Tropical milkweed. Scarlet milkweed. Bloodflower. Mexican butterfly weed. Asclepias curassavica. This plant is a being of many names, and our culprit of the hour.
'Culprit? Culprit of what?' Culprit of enticing people to buy it under the guise of helping, only to possibly cause more harm than good.
Let's discuss.
Tropical Milkweed (Asclepias curassavica) is a gorgeous milkweed (especially the yellow variety? ooh, that had me in a grip as a teen) that's easy to obtain--too easy. It lines the shelves of stores like Walmart, Lowe's, Home Depot, and even hundreds and dozens of smaller garden stores, and is sold for reasonably cheap because its quick and easy to grow from seed and eagerly roots from cuttings. It's extremely popular with butterflies too--in many scenarios, Tropical Milkweed will be preferred as host plants over other related species like Butterflyweed (Asclepias tuberosa), and its also popular with other species of butterfly, bees, and wasps as a nectar source. It lasts well into winter in some areas of the United States, is quick to regrow when cut back, and doesn't die back for periods of the season like some other milkweeds do. It's eager to reseed, creating capsules with tens of dozens of seeds and scattering across the winds with the help of little silky parachutes much like the ones dandelions are known for.

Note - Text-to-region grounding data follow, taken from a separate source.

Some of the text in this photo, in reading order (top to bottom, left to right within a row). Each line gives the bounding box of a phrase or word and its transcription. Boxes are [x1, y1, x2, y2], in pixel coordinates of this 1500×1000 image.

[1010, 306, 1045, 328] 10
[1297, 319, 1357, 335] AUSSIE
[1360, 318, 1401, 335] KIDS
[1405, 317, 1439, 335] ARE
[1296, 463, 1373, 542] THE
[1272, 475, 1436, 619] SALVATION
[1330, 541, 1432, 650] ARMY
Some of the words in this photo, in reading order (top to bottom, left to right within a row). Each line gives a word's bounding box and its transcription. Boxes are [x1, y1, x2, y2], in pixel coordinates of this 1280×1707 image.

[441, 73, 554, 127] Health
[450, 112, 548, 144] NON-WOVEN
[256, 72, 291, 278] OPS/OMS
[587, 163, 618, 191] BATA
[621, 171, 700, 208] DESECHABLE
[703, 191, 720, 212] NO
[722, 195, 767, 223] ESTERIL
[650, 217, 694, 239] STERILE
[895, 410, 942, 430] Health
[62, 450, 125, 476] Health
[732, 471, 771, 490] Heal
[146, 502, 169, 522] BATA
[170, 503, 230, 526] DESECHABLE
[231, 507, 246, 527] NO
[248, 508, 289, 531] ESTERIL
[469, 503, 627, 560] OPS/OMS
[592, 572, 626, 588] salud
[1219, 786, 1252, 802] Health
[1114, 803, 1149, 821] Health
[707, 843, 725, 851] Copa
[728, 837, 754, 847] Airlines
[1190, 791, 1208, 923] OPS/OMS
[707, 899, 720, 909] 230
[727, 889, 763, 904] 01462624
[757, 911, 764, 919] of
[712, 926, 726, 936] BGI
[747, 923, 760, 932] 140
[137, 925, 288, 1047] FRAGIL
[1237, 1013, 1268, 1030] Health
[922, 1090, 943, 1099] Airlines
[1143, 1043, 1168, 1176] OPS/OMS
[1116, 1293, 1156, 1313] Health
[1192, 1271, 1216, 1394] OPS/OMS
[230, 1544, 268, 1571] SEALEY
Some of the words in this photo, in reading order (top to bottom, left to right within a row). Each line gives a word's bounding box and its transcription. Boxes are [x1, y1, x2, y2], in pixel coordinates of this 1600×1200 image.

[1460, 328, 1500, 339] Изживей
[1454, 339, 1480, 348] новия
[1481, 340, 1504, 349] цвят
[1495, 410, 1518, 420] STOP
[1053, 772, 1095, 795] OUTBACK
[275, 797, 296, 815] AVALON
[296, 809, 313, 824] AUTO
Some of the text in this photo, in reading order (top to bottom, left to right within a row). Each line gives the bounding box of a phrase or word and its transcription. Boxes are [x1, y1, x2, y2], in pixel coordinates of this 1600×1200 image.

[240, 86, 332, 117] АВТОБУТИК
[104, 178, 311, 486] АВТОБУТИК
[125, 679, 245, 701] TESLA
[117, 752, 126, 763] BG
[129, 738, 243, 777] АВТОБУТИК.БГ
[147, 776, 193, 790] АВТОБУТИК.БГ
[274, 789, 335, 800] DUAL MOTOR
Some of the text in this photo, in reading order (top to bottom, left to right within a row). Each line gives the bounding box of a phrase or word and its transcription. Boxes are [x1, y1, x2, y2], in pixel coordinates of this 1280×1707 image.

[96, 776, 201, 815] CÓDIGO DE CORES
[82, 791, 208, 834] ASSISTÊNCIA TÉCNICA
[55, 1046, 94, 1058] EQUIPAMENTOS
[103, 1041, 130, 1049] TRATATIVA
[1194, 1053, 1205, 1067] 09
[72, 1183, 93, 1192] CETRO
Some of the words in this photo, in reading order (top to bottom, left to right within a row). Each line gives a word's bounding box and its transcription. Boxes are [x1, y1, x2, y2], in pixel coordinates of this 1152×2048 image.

'Ani, what's the problem with that? This all sounds like its great for monarchs!'
See, here's the kickers. In fact, here's several kickers. Here's an entire mollywhopping of kickers.
OE Infections
In the temperate areas that it doesn't die back over winter (or even, in some cases, where it doesn't die back during the season like other milkweeds), it can become a host for OE. OE is short for Ophryocystis elektroscirrha, and its a protozoan parasite that can and frequently does infect monarchs. As infected monarchs visit different plants--whether its to drink nectar, to lay eggs, or even just doing a fly-by of the garden--they drop spores from their wings that can then fall onto the leaves, flowers, and even any eggs already on the plant. As caterpillars hatch and begin to eat the plant, they ingest the protozoan, which begins the cycle anew. High OE levels in adult monarchs have been linked to lower migration success, reductions in body mass, lifespan, mating success, and flight ability. And that's if the caterpillars don't succumb prematurely to the infection, or if they're able to even exit their cocoon and fly once they finish pupating--deformed wings are frequently a result after infections. Now, OE is a parasite that's evolved alongside monarchs--and monarchs are usually able to handle an infection just fine, but if they're carrying a high load? That's where the problem lies.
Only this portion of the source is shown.